Free-text object descriptions
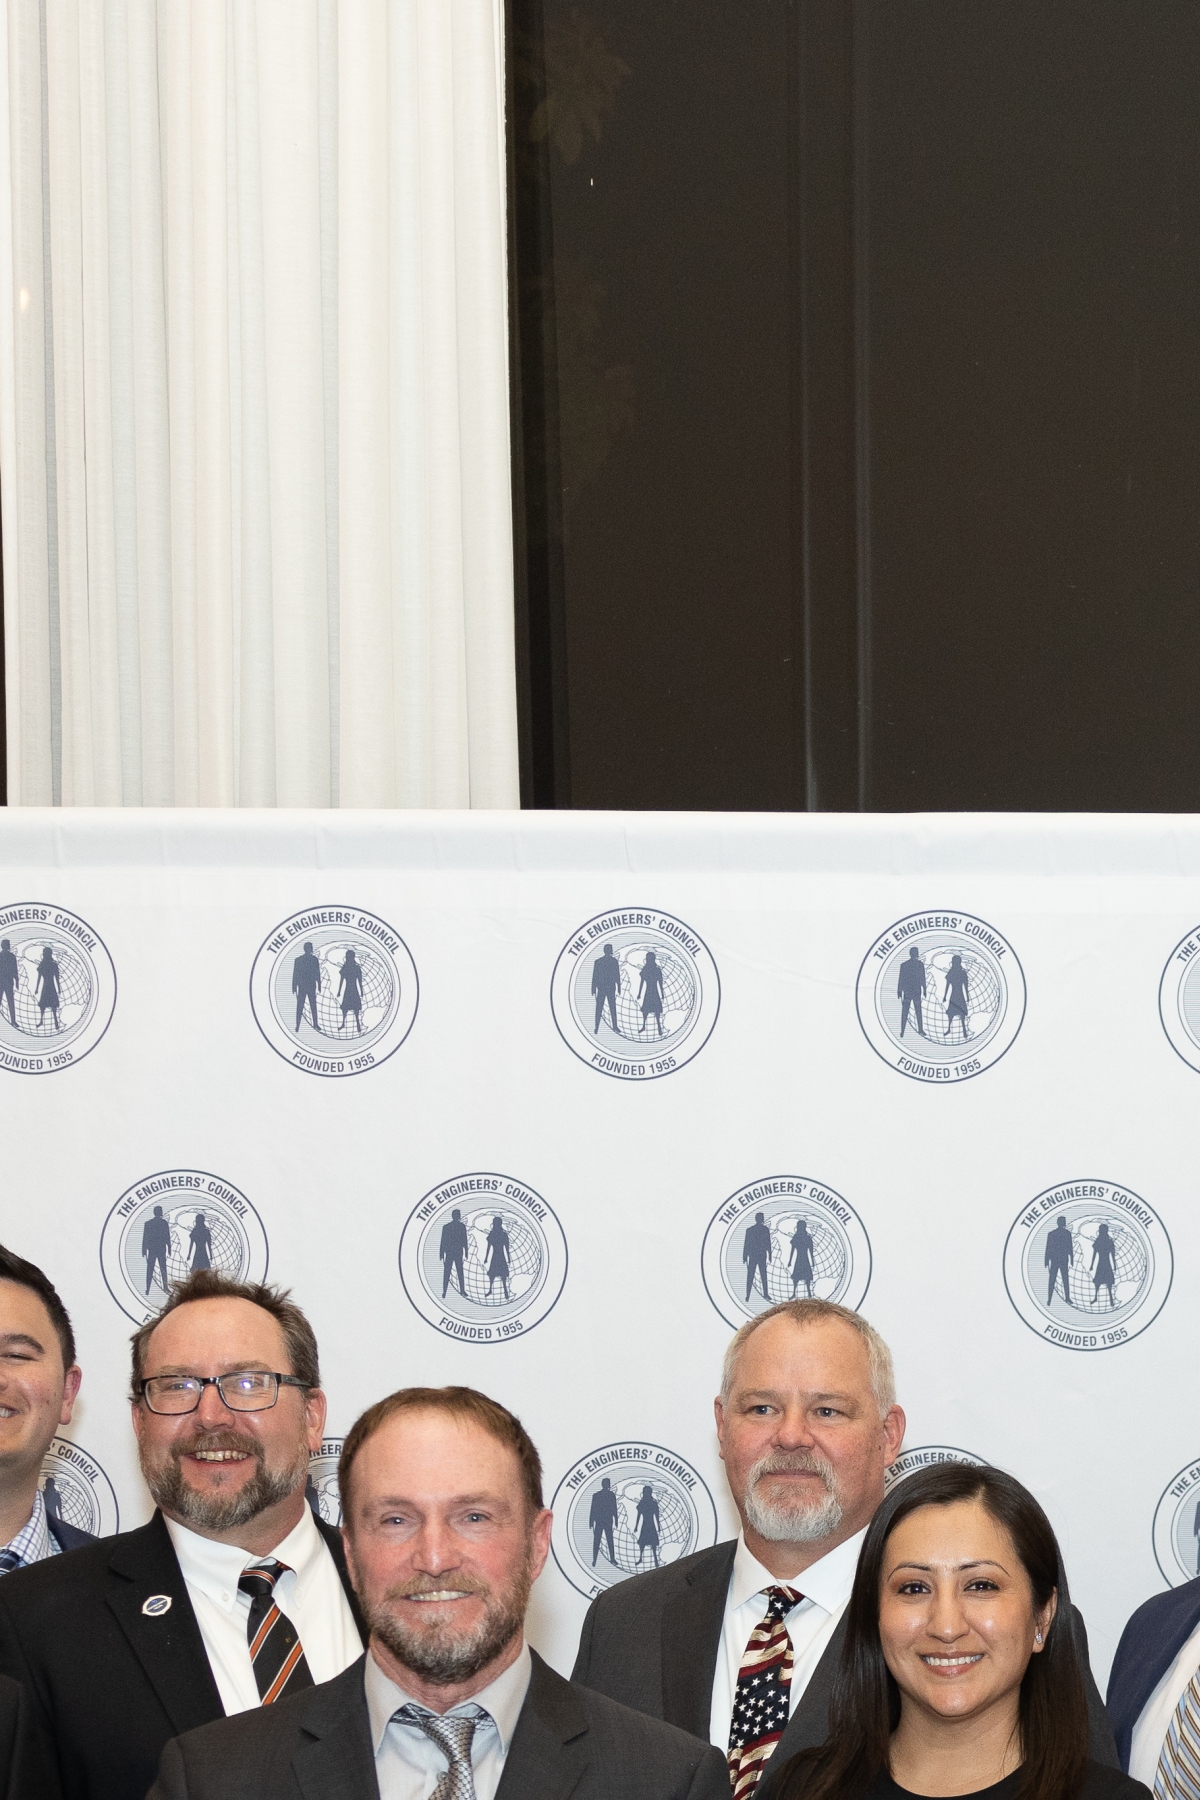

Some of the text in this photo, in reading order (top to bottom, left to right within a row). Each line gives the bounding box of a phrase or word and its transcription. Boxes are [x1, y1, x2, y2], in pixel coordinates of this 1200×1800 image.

[0, 908, 97, 953] GINEERS' COUNCIL
[266, 911, 400, 956] THE ENGINEERS' COUNCIL
[567, 913, 701, 958] THE ENGINEERS' COUNCIL
[873, 916, 1007, 960] THE ENGINEERS' COUNCIL
[1176, 940, 1198, 963] THE
[0, 1050, 74, 1071] OUNDED 1955
[292, 1050, 375, 1073] FOUNDED 1955
[591, 1052, 677, 1076] FOUNDED 1955
[896, 1056, 982, 1079] FOUNDED 1955
[116, 1175, 249, 1220] THE ENGINEERS' COUNCIL
[415, 1178, 548, 1223] THE ENGINEERS' COUNCIL
[718, 1181, 852, 1227] THE ENGINEERS' COUNCIL
[1020, 1185, 1154, 1230] THE ENGINEERS' COUNCIL
[438, 1316, 524, 1340] FOUNDED 1955
[1043, 1324, 1129, 1347] FOUNDED 1955
[57, 1444, 100, 1484] COUNCIL
[565, 1447, 697, 1492] THE ENGINEERS' COUNCIL
[1169, 1476, 1192, 1498] THE
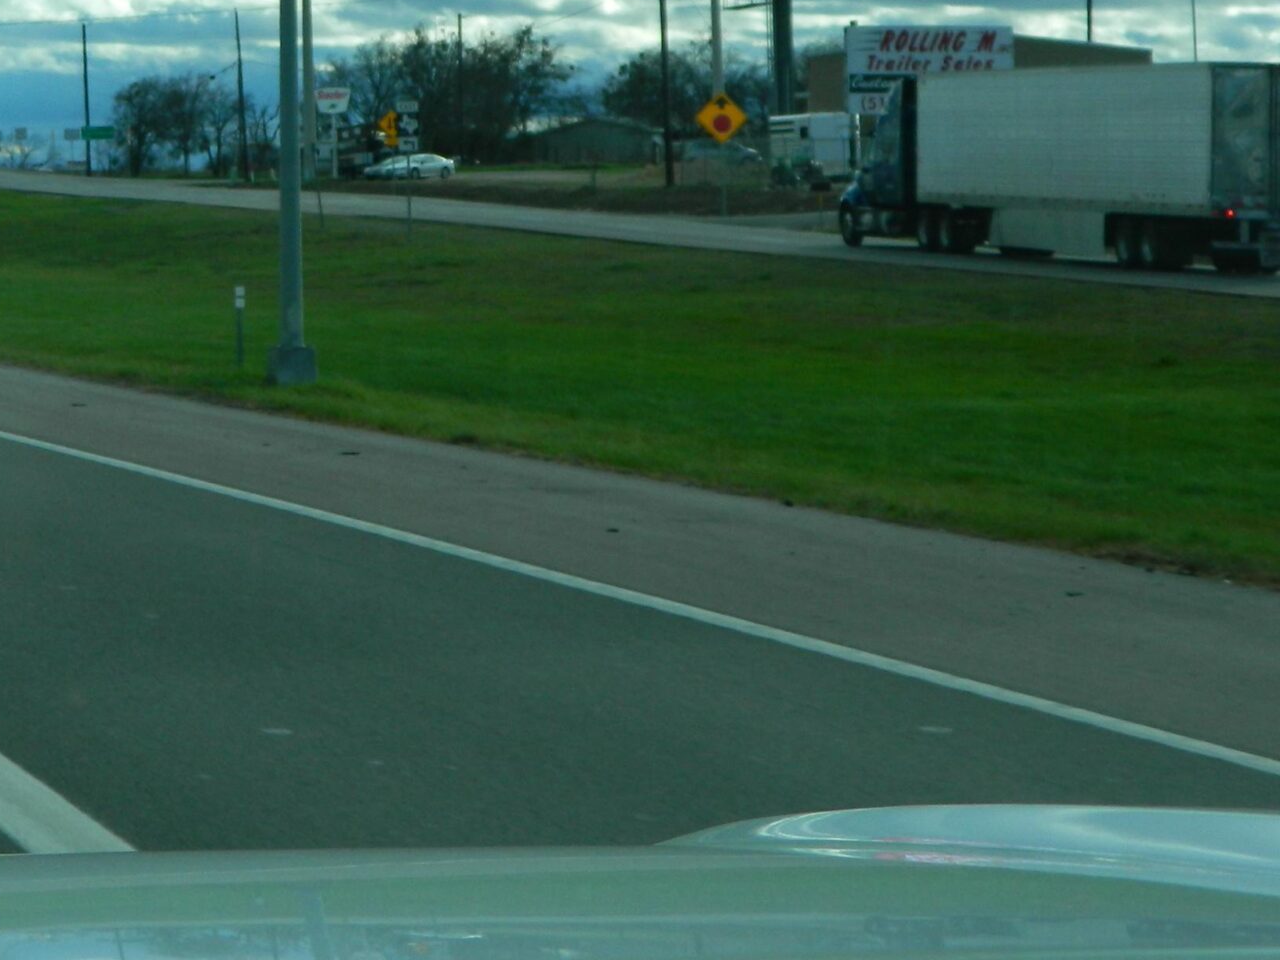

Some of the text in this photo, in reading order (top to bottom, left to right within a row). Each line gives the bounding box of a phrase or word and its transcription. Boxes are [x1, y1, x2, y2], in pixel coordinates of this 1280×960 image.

[880, 29, 968, 53] ROLLING
[976, 30, 997, 53] M
[867, 54, 995, 72] Trailer Sales

# Required action
Give the data above again in full and unchanged, skipping the pictures.

# Response to the exercise
Some of the text in this photo, in reading order (top to bottom, left to right within a row). Each line gives the bounding box of a phrase or word and its transcription. Boxes are [x1, y1, x2, y2], in pixel coordinates of this 1200×1800 image.

[0, 908, 97, 953] GINEERS' COUNCIL
[266, 911, 400, 956] THE ENGINEERS' COUNCIL
[567, 913, 701, 958] THE ENGINEERS' COUNCIL
[873, 916, 1007, 960] THE ENGINEERS' COUNCIL
[1176, 940, 1198, 963] THE
[0, 1050, 74, 1071] OUNDED 1955
[292, 1050, 375, 1073] FOUNDED 1955
[591, 1052, 677, 1076] FOUNDED 1955
[896, 1056, 982, 1079] FOUNDED 1955
[116, 1175, 249, 1220] THE ENGINEERS' COUNCIL
[415, 1178, 548, 1223] THE ENGINEERS' COUNCIL
[718, 1181, 852, 1227] THE ENGINEERS' COUNCIL
[1020, 1185, 1154, 1230] THE ENGINEERS' COUNCIL
[438, 1316, 524, 1340] FOUNDED 1955
[1043, 1324, 1129, 1347] FOUNDED 1955
[57, 1444, 100, 1484] COUNCIL
[565, 1447, 697, 1492] THE ENGINEERS' COUNCIL
[1169, 1476, 1192, 1498] THE

Some of the text in this photo, in reading order (top to bottom, left to right within a row). Each line gives the bounding box of a phrase or word and its transcription. Boxes are [x1, y1, x2, y2], in pixel coordinates of this 1280×960 image.

[880, 29, 968, 53] ROLLING
[976, 30, 997, 53] M
[867, 54, 995, 72] Trailer Sales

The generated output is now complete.